TASK TO COMPLETE: The output should contain the listing word for word and no pictures.

EXTRACTED INFORMATION:
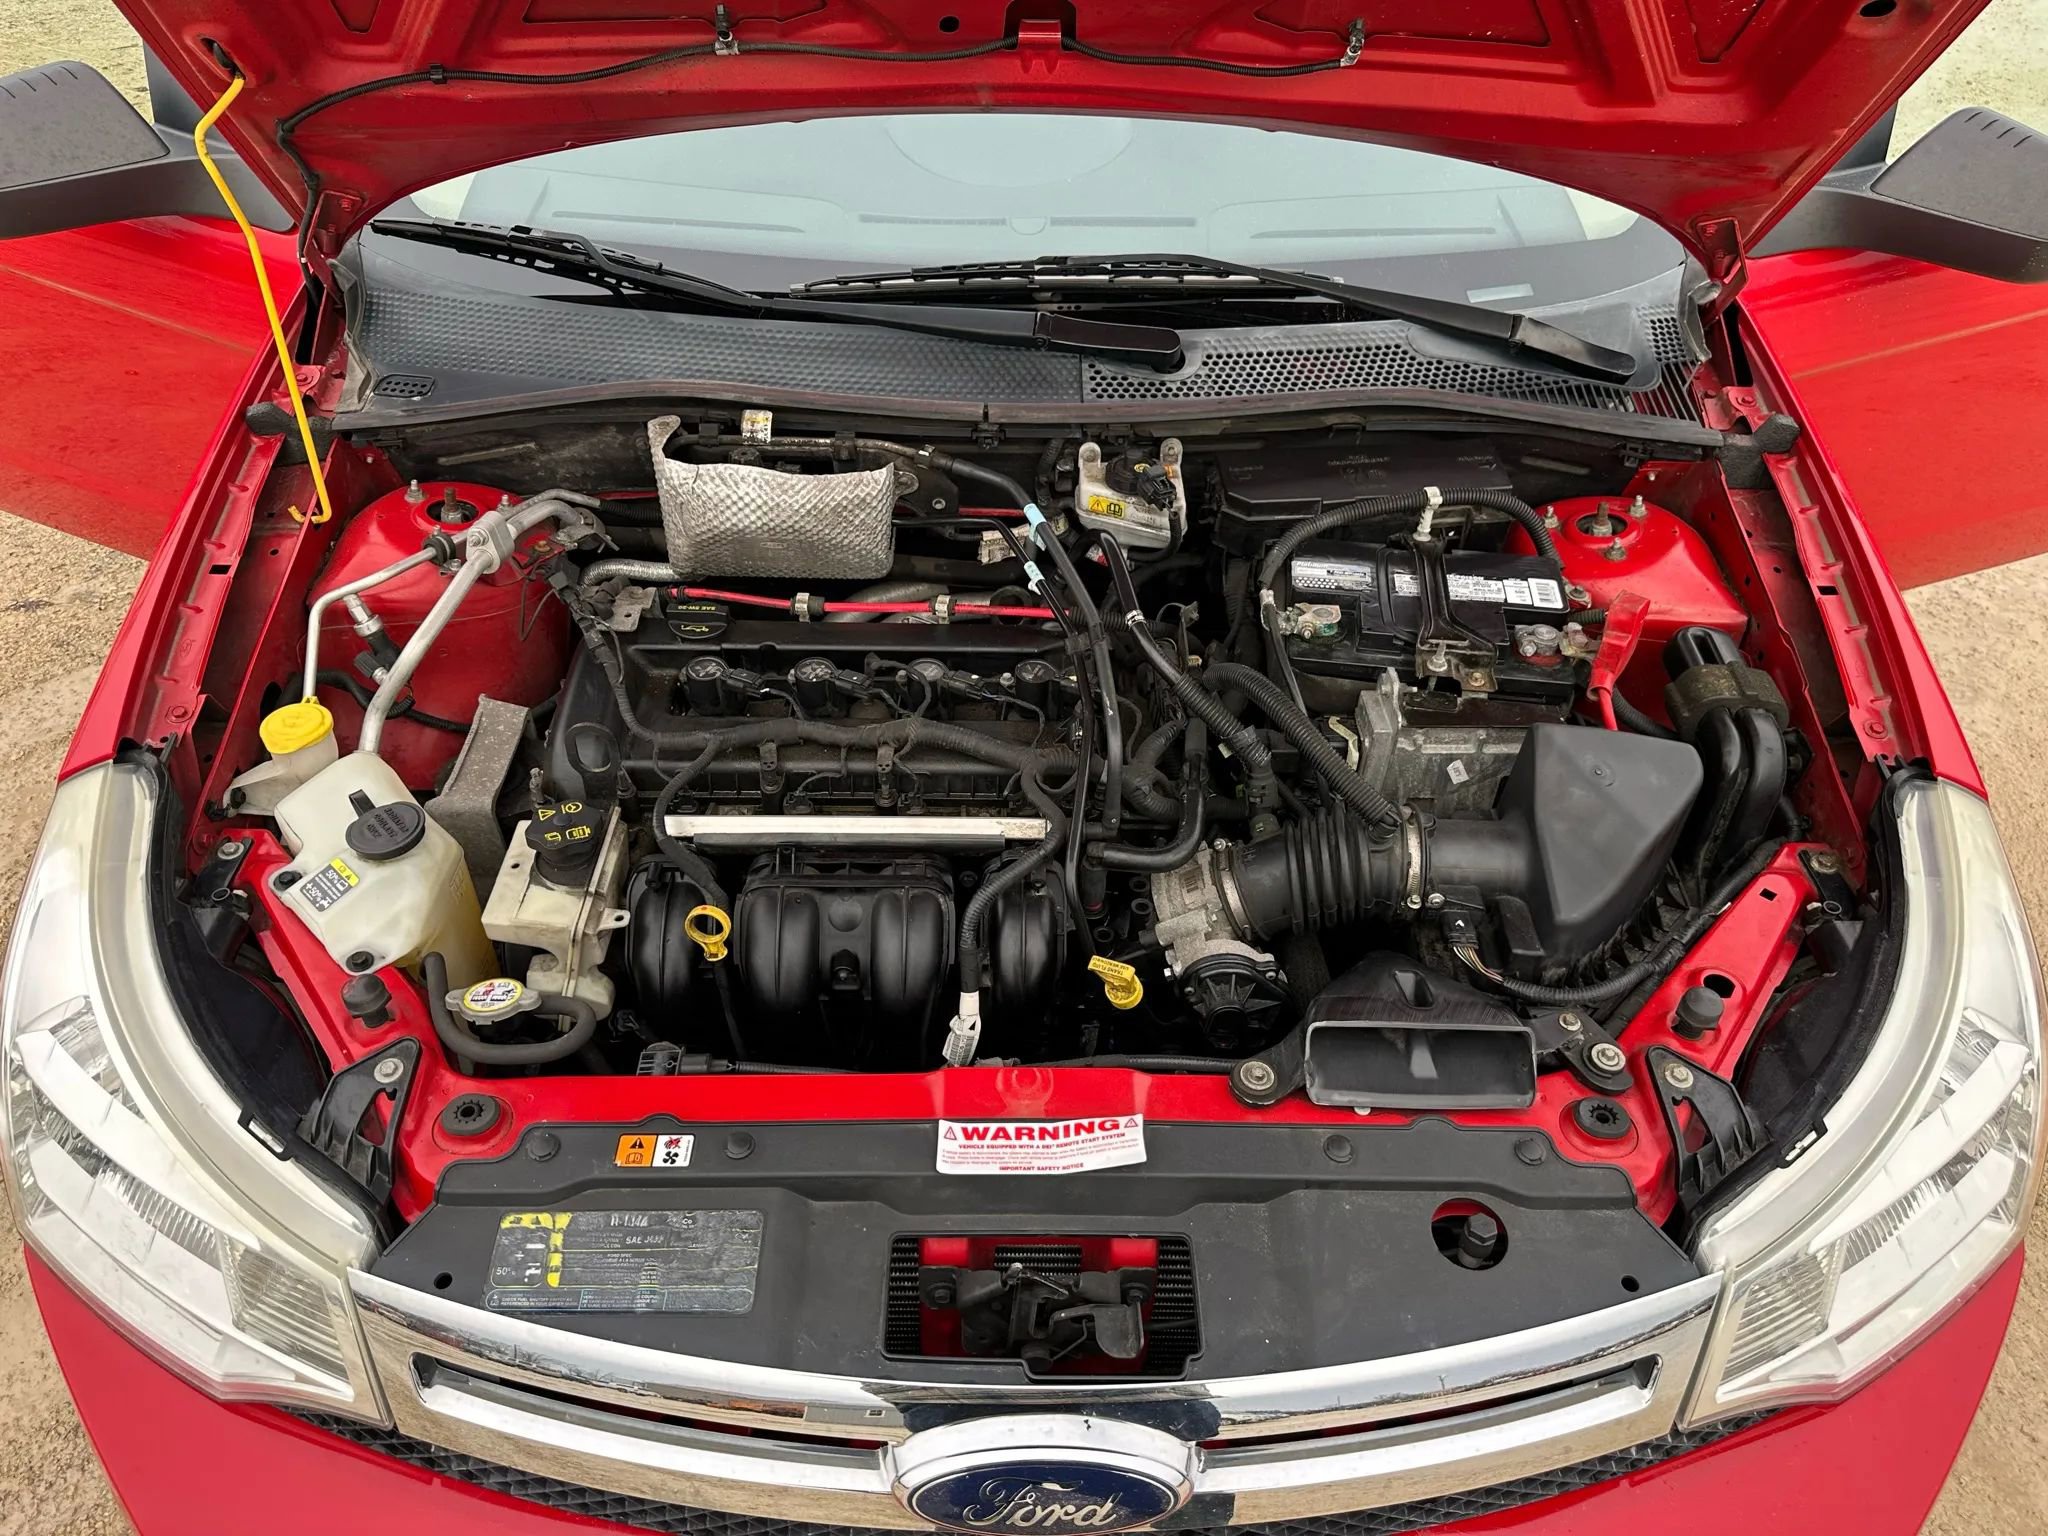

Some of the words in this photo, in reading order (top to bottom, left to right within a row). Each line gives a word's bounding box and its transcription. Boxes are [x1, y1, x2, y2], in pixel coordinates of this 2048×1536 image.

[961, 1119, 1120, 1141] WARNING
[1056, 1140, 1080, 1148] REMOTE
[1081, 1136, 1100, 1144] START
[1101, 1132, 1126, 1141] SYSTEM
[962, 1476, 1122, 1527] Ford

COMPLETED TASK:
Some of the words in this photo, in reading order (top to bottom, left to right within a row). Each line gives a word's bounding box and its transcription. Boxes are [x1, y1, x2, y2], in pixel coordinates of this 2048×1536 image.

[961, 1119, 1120, 1141] WARNING
[1056, 1140, 1080, 1148] REMOTE
[1081, 1136, 1100, 1144] START
[1101, 1132, 1126, 1141] SYSTEM
[962, 1476, 1122, 1527] Ford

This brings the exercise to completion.